Race matters in stories like this because liberals have made race matter everywhere, in every facet of life. Every institution, from schools to fire departments, is fixated on “achievement gaps,” or “disparities,” or “underrepresentation,” not to mention every form of racially driven categorization imaginable. Yet, when white people are on the wrong side of a disparity, like a seven-on-one beating, we’re supposed to ignore the racial element of that.
The story is shocking enough, even without bringing race into it: on the way to school in Ocala, FA, a thirteen-year-old girl was beaten unconscious and reportedly went into a seizure after being attacked on the school bus by a group of fellow students.
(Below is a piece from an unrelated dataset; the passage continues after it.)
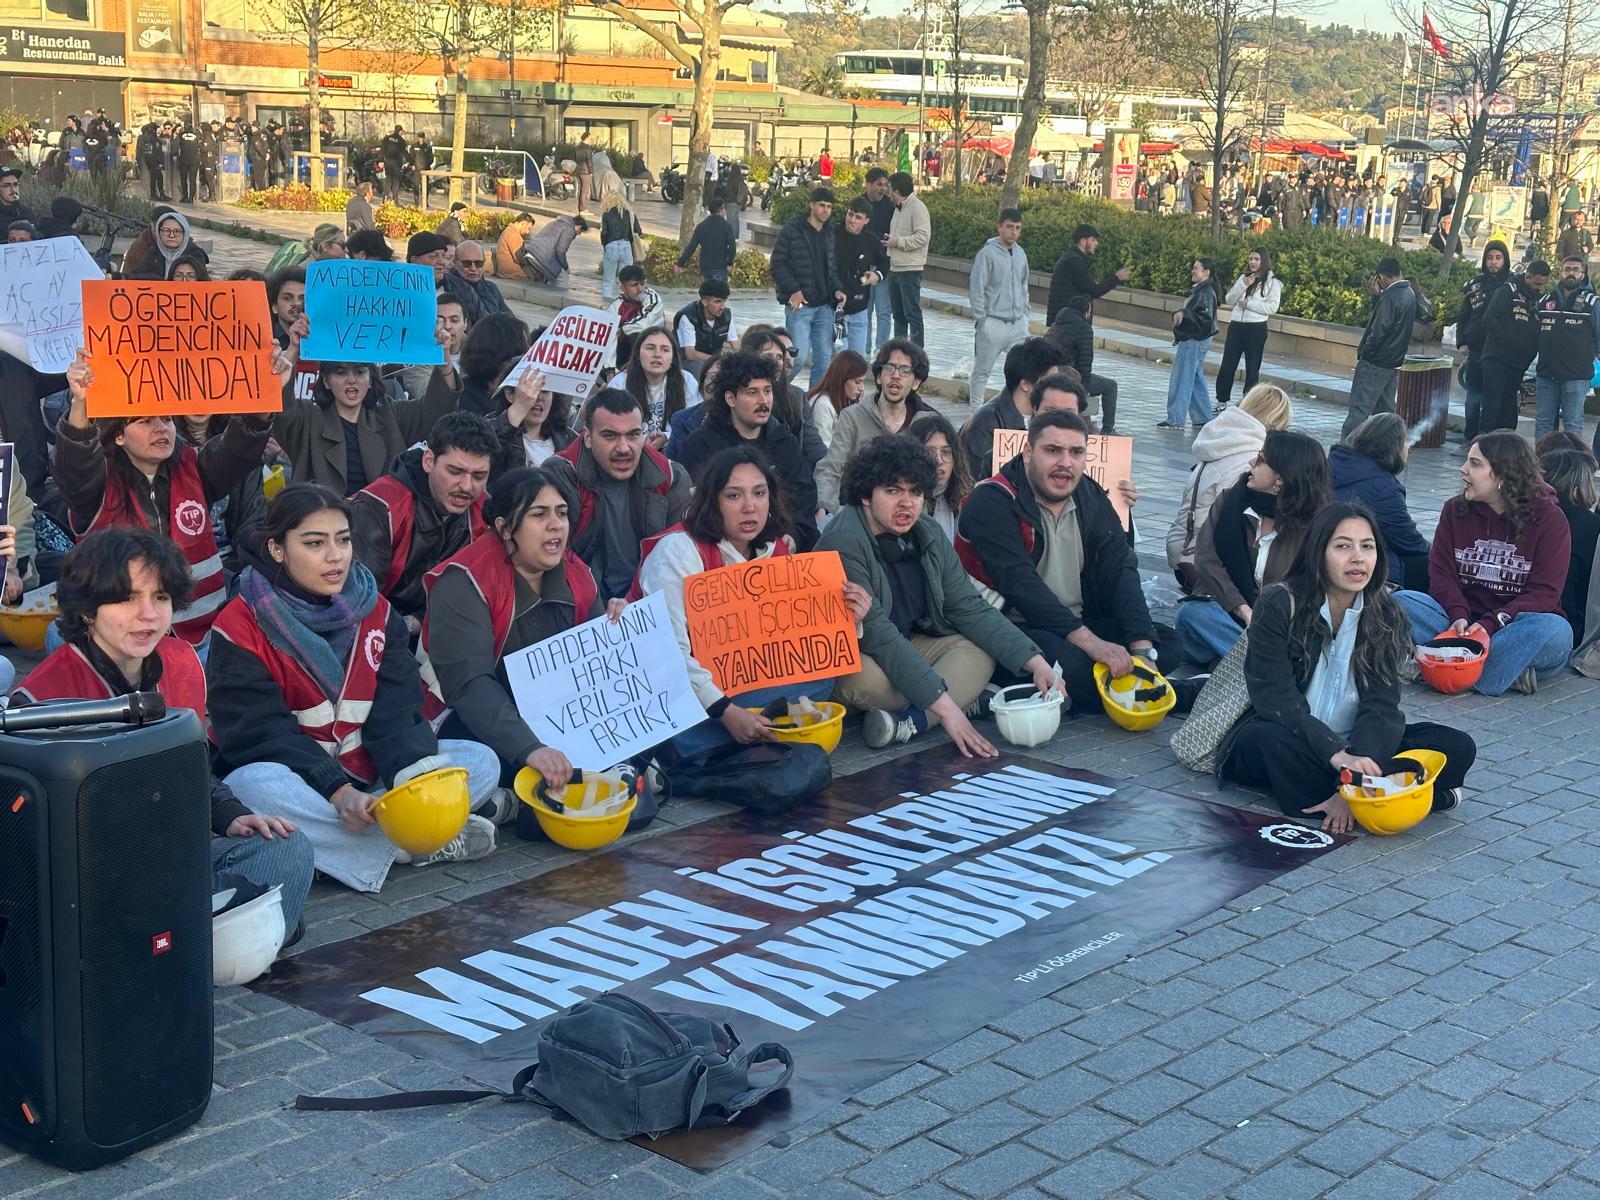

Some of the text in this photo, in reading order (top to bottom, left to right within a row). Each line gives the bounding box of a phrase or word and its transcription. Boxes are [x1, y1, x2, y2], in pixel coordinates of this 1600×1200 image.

The girl reportedly was riding the bus for the first time. Someone threw a shoe at her, and she threw it back, hitting a student. That’s when the beating began. At least seven students surrounded the girl, punched her, held her head to the floor by her hair, and kicked her. The bus driver pulled the bus over, stopped the beating, and then continued driving. But the beating started again, so the driver diverted to a nearby school and called officials, and the girl was taken to the hospital.
Aside from the brutality, there was another troubling fact about this crime — a fact that predictably did not make it into the news: the attackers were black, and the victim was white. Yet, for the first few days after the attack, not a single news outlet reported on the race of the victim. Since the attack occurred, only one news item has even indirectly mentioned the victim’s race. This can’t be because the information was hard to come by. The Ocala Sheriff’s Office responded to my inquiry about the victim’s race within hours.
Many well-meaning people will ask why race matters. Violence is violence, and people are people, so why bring race into it? I sympathize with that sentiment. The trouble is that, if the races were reversed, this would be a larger story. It would be a larger story because we have a system of racial double standards — some written, some unwritten — that serve to conceal the reality of crimes like this.